Illégalité des dispositions relatives aux projets agritouristiques en zone agricole
L’ASSAUPAMAR critiquait enfin l’orientation n° 10 du DOO permettant les constructions dans le cadre de projets agritouristiques en zone agricole.
L’article L. 121-10 du code de l’urbanisme permet, il est vrai, de déroger aux dispositions de l’article L. 121-8 du code de l’urbanisme. Cette dérogation ne profite toutefois qu’aux constructions ou installations nécessaires aux activités agricoles.

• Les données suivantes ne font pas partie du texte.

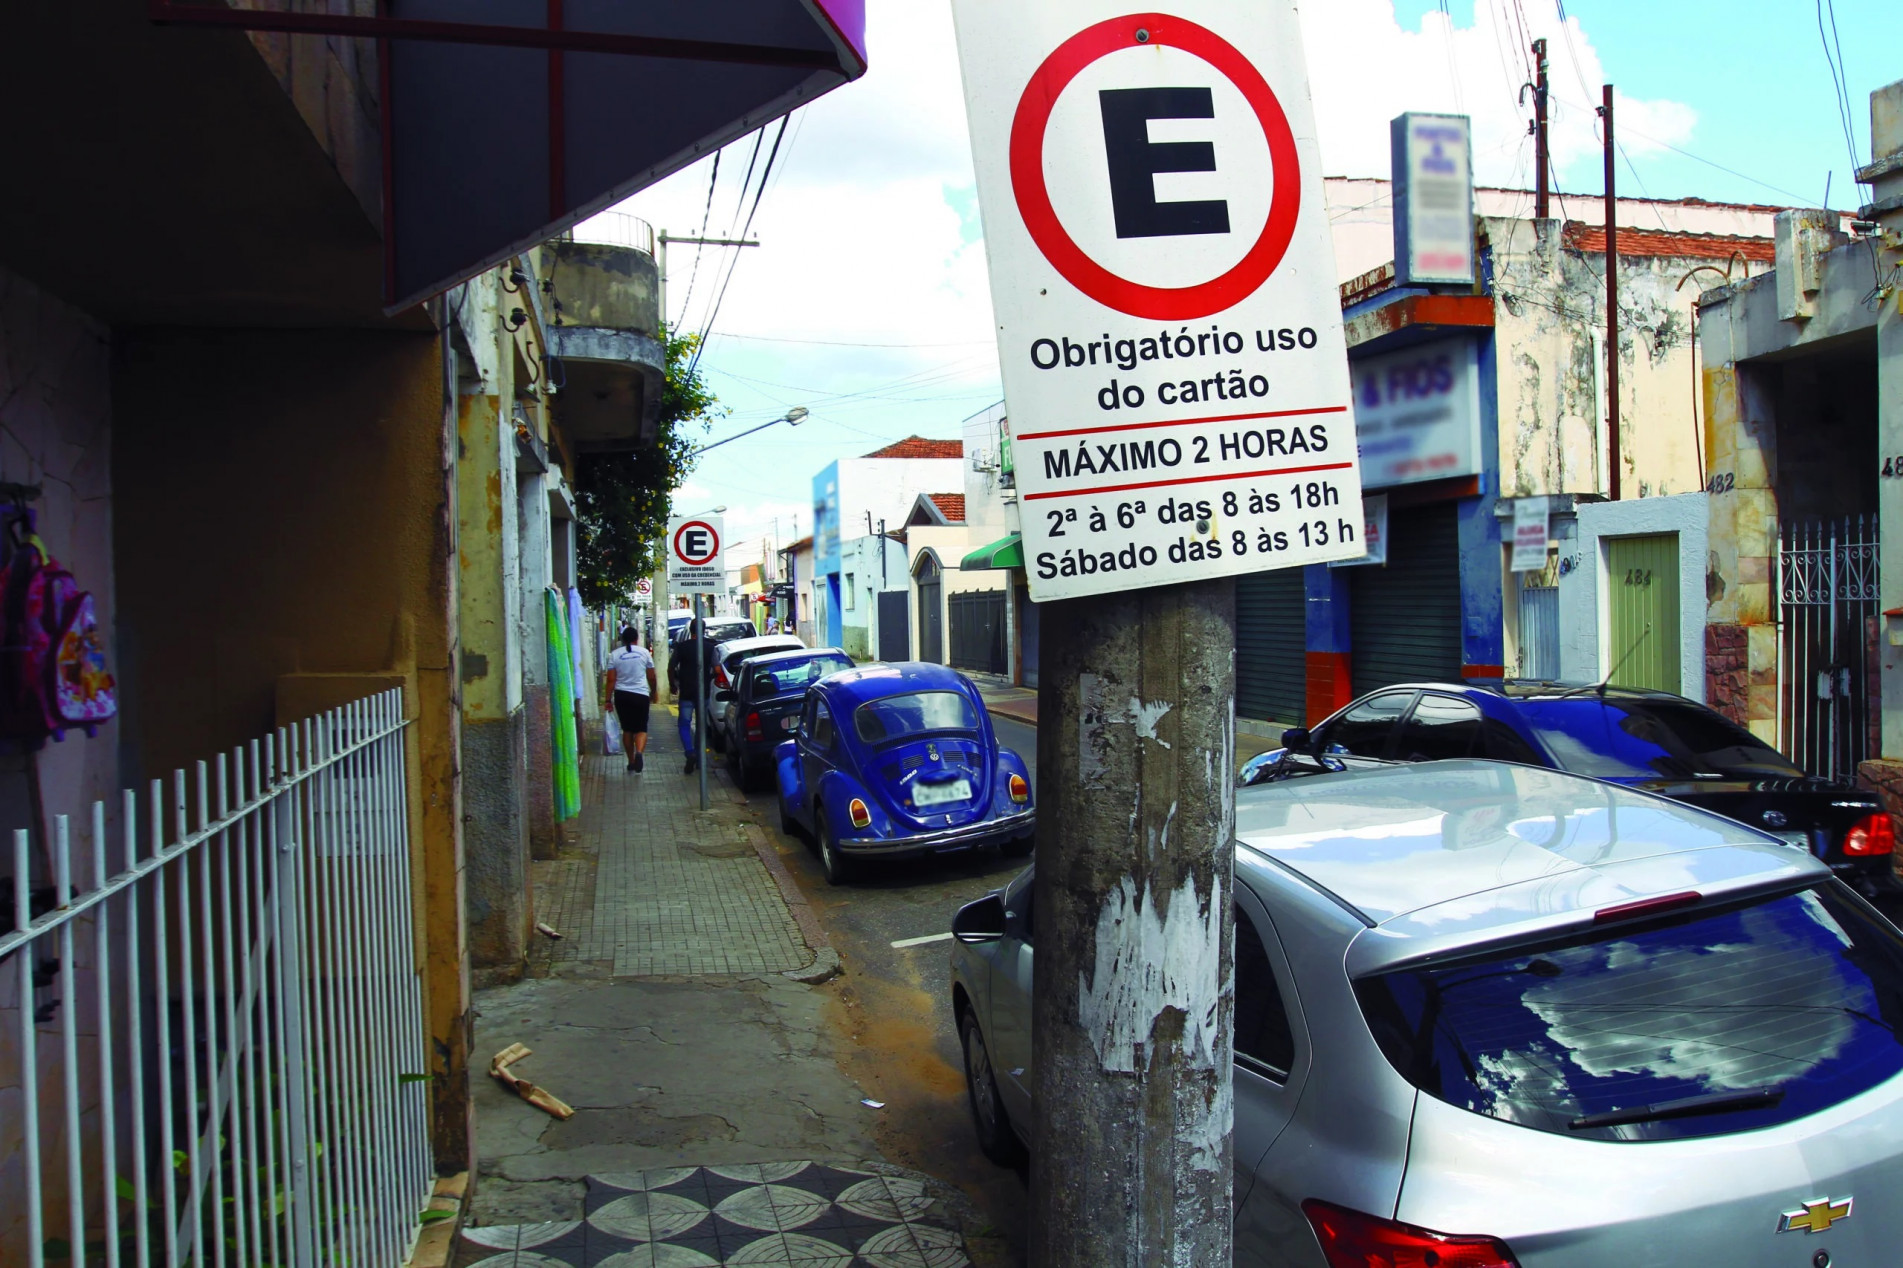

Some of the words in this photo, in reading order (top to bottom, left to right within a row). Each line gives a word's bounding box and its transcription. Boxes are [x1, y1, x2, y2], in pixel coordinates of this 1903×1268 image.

[1099, 87, 1231, 238] E
[1031, 327, 1243, 370] Obrigatório
[1256, 328, 1317, 352] uso
[1098, 379, 1144, 410] do
[1158, 369, 1270, 408] cartão
[1044, 439, 1181, 479] MÁXIMO
[1193, 436, 1209, 463] 2
[1220, 425, 1328, 460] HORAS
[1707, 472, 1735, 494] 482
[1047, 509, 1077, 537] 2ª
[1090, 504, 1106, 532] à
[1117, 500, 1146, 528] 6ª
[1158, 498, 1212, 524] das
[1223, 492, 1238, 516] 8
[1249, 488, 1280, 515] às
[1291, 482, 1338, 508] 18h
[686, 531, 707, 555] E
[1037, 543, 1157, 579] Sábado
[1168, 537, 1222, 563] das
[1232, 530, 1247, 555] 8
[1258, 526, 1288, 554] às
[1299, 521, 1328, 547] 13
[1338, 519, 1354, 542] h

Or, comme le relève le Tribunal :
« Il n’apparaît toutefois pas que de telles constructions ou installations soient nécessaires à l’exercice d’une activité agricole. Or, aucune construction ne peut être autorisée, même en continuité avec d’autres, dans les zones d’urbanisation diffuse éloignées de ces agglomérations et villages, sauf dans le cadre des dérogations et exceptions prévues par les articles L. 121-10 à L. 121-12 du code de l’urbanisme. Dès lors que les dispositions contestées de l’orientation n° 10 du document d’orientation et d’objectifs ne relèvent pas de ces exceptions et dérogations, l’Assaupamar est fondée à soutenir qu’elles sont incompatibles avec l’article L. 121-8 du code de l’urbanisme en tant qu’elles autorisent, dans les zones non urbanisées de moindre enjeu agricole, les constructions et installations à vocation agritouristique, sauf en ce qui concerne le territoire de la commune de Saint-Esprit, pour lequel les dispositions de la loi Littoral ne sont pas applicables. Le moyen tiré de la méconnaissance de l’avant dernier aliéna de l’orientation n° 10 du document d’orientation et d’objectifs au regard des articles L. 121-8 et L. 121-10 du code de l’urbanisme doit, par suite, être accueilli ».
On notera sur ce point que les effets de la loi ELAN sont perceptibles. Si l’ancienne rédaction de l’article L. 121-10 du code de l’urbanisme visait les constructions liées à l’activité agricole – ce qui pouvait englober les projets agritouristiques – elle ne concernent aujourd’hui que celles qui leur sont nécessaires. Le Blog avait fait le point sur les règles applicables aux activités agricoles après la loi ELAN de 2018.
La décision du Tribunal administratif de la Martinique est logique. Elle confirme que les SCOT doivent respecter la loi Littoral et que sauf à s’inscrire dans les dérogations prévues par la loi, ils ne peuvent donc pas prévoir de projets d’aménagement à l’écart de toute urbanisation existante. Le jugement est intéressant car il intervient dans le cadre d’une procédure de demande d’abrogation dont les effets sont d’autant plus redoutables qu’elle peut être menée sans considération de délai. En application de l’article 2 du jugement, la CAESM a maintenant 6 mois pour délibérer sur l’abrogation des dispositions illégales de son SCOT.